Last week, a few miles from where we live in Sussex, a man was trampled to death by his own cows. He was the distinguished scientist Professor Brian Bellhouse, who made a large fortune by inventing an injection-free method of vaccination. He bought a good deal of land in the area near Winchelsea, where he was brought up, and to which he returned. He was walking near his herd of Sussex cattle with his dogs and a friend. The cows charged, and he seems to have died because he was trying to save the elder dog, a 12-year-old Labrador, by holding it tight on its lead. The friend was concussed, but survived to raise the alarm. The dog later had to be put down. Professor Bellhouse was a warm and generous man, universally liked. One thing that endeared him to local people was that he insisted on 20-foot headlands in all his fields and let anyone walk on them. It seems that his cows had been chased and — in the case of one cow and calf, bitten — by a loose dog earlier that day, and so were angry and frightened. Professor Bellhouse’s hospitable access had been abused: it was literally the death of him.

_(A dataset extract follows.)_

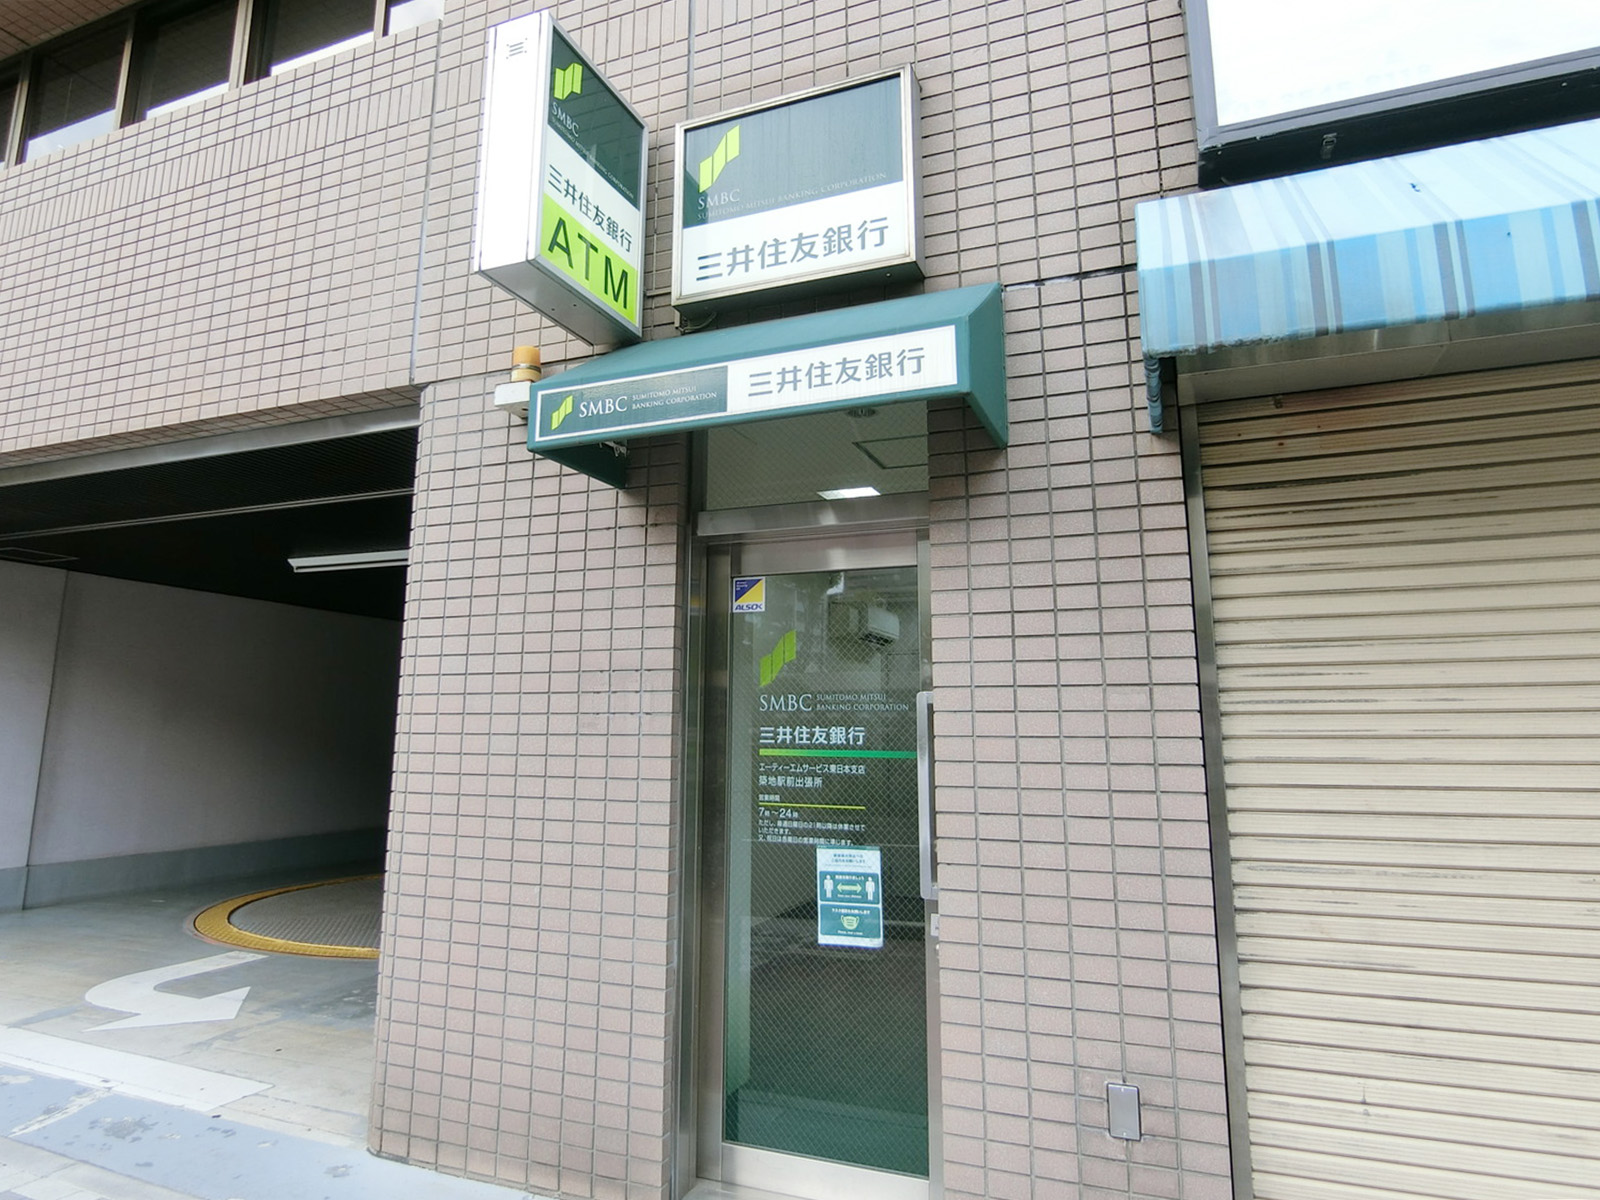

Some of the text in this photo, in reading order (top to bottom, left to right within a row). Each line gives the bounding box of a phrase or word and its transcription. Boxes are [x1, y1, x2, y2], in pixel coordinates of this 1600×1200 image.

I have noticed a rise in attacks by cows in recent years, and have experienced them, in mild form. There seem to be two main factors. The first is that a dog is almost always involved. Cows are more alarmed by them than by people because they see them as predators. More and more people nowadays walk their dogs in fields. The second is the collapse of dairy farming and the corresponding increase in the number of suckler herds for beef. Dairy cows are parted from their calves within 24 hours of birth and so are docile. Beef cattle stay with theirs and protect them with maternal vigilance and, occasionally, aggression. When you walk on footpaths through fields, you should generally keep your dog on a lead. But if you are being charged, the danger is greatly increased if you do this, because the cows will trample you. If you let your dog off the lead, it will almost certainly escape alive; so will you, because the cows will lose interest. Is there a solution to this conundrum? Not really, apart from banning cows from any field containing a footpath, or banning footpaths through fields, both of which would be idiotic. My tactic is to follow Teddy Roosevelt’s advice on foreign policy: ‘Speak softly, and carry a big stick.’ Slowly but firmly spread your arms and your stick, and the cattle (almost) always stop.